The haz mat clause was crafted on the fly and sub amended several times. By the end, I was not sure what the final clause said. I voted against it. I also felt that the clause–whatever it said–was sending a message to the entire DC Government and that our FEIS letter was the wrong place for it. A better place would have been as a follow up to the ANC’s March letter to Mayor Gray.
On the $250K: The FEIS provided this money to ANC6B (and another $250K to ANC6D) to use as mitigation payments to residents and businesses who end up “inconvenienced” during tunnel construction. Granted this offer is problematic. First ANCs can’t accept more than $1,000 per year from any one source. Second, imagine trying to define “inconvenience”. So, it is clear that the ANC couldn’t be the receptor but that is not to say that ANC6B could not designate that these funds go to a 3rd party.

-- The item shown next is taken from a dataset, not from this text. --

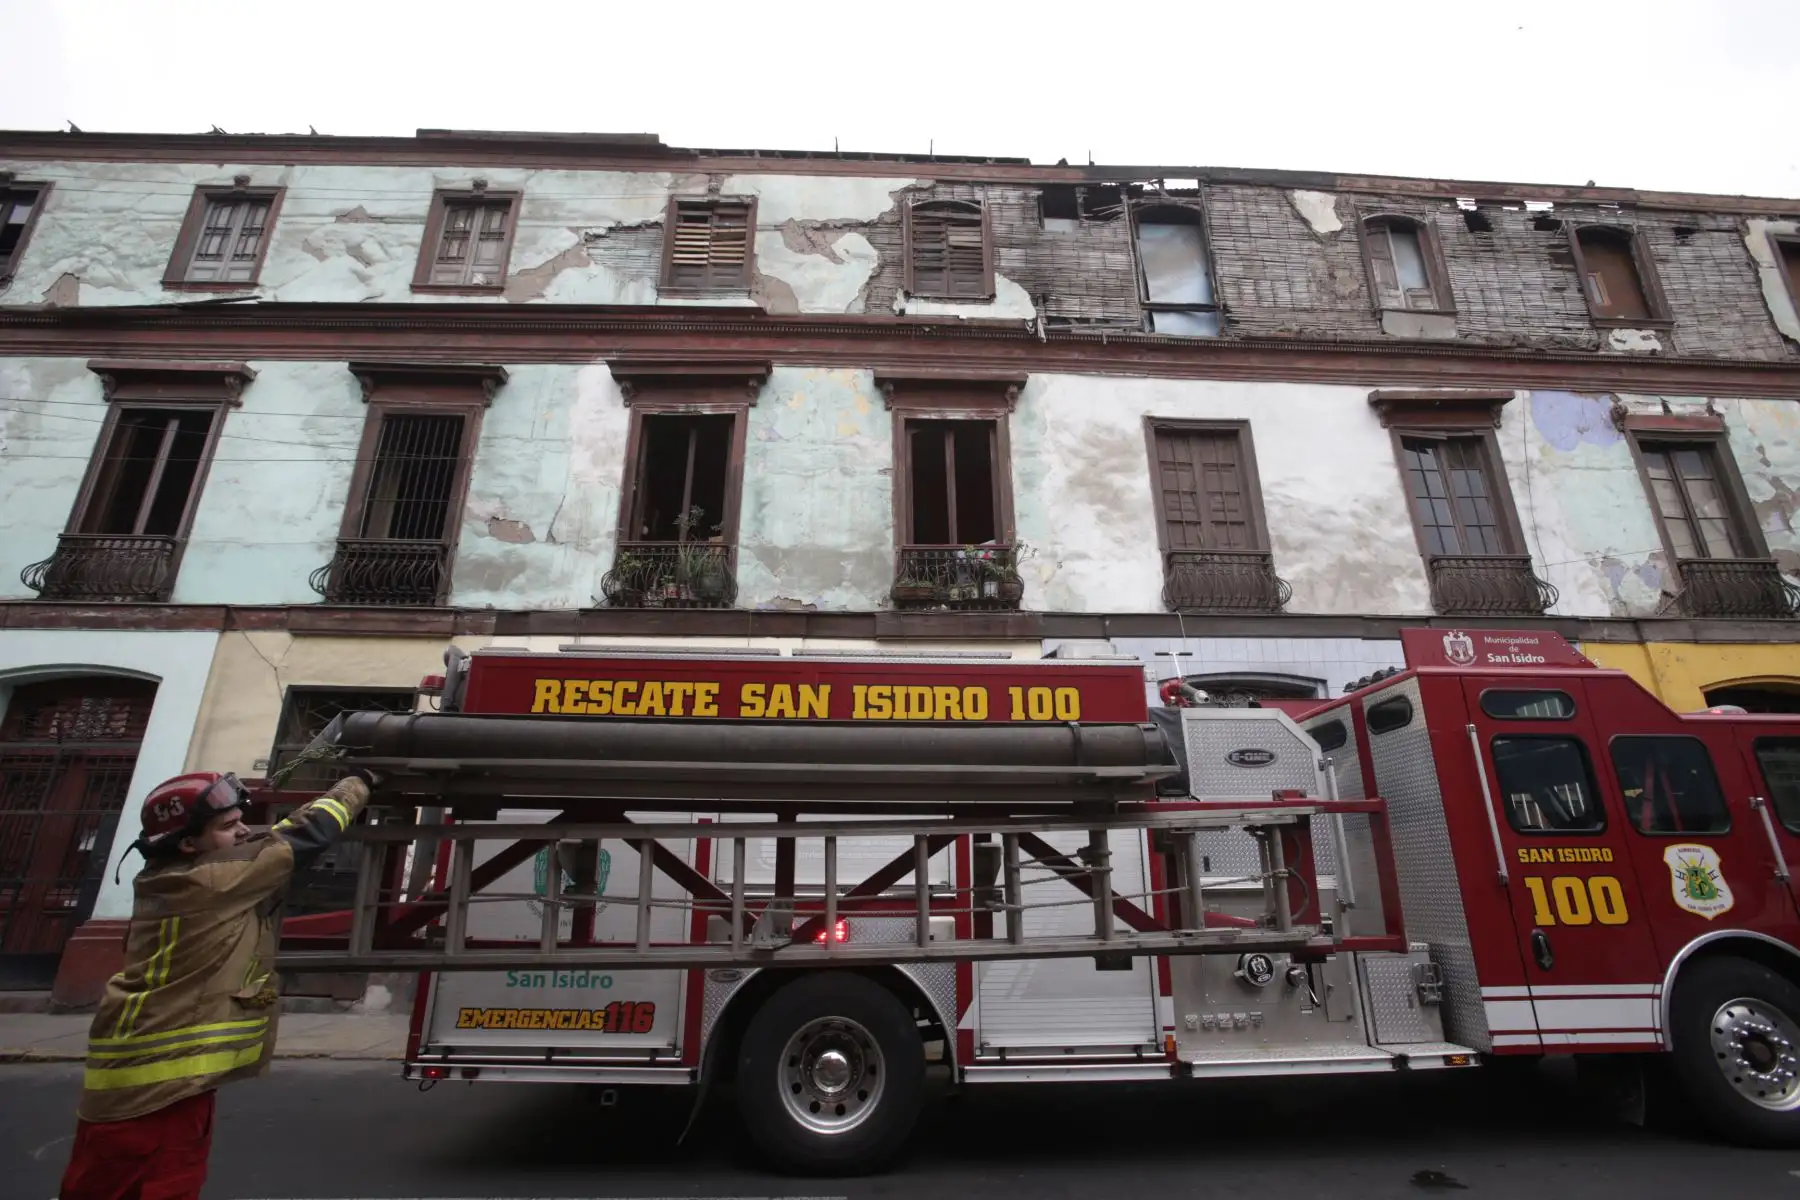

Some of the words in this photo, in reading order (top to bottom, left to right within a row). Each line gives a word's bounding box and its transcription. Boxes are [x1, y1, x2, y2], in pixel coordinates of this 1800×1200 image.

I tried to soften the strident language of Commissioner Peich’s amendment on the funds. All I wanted was more time. The Commission in voting as it did denied me the opportunity to research options and to get feedback on the fund concept from my constituents who live and work near Virginia Avenue Park, right in the heart of the tunnel construction. I just needed more time. There was no reason for the ANC to reject these funds at this time. They wouldn’t have been paid out by CSX until “major construction activity” begins.
Any body want to guess how far away that is? Given that those who are opposed to this project in any form will probably sue once the Record of Decision is issued, major construction could be a year or more away. And, when it does happen, my ANC6B04 constituents won’t be able to apply to a migration fund for some relief. These are the same people, by the way, who have been directly inconvenienced by the building of the 11th Street Bridge in the last five years.
NOTE: Two of my colleagues reject my interpretation of the impact of the fund language in the ANC letter.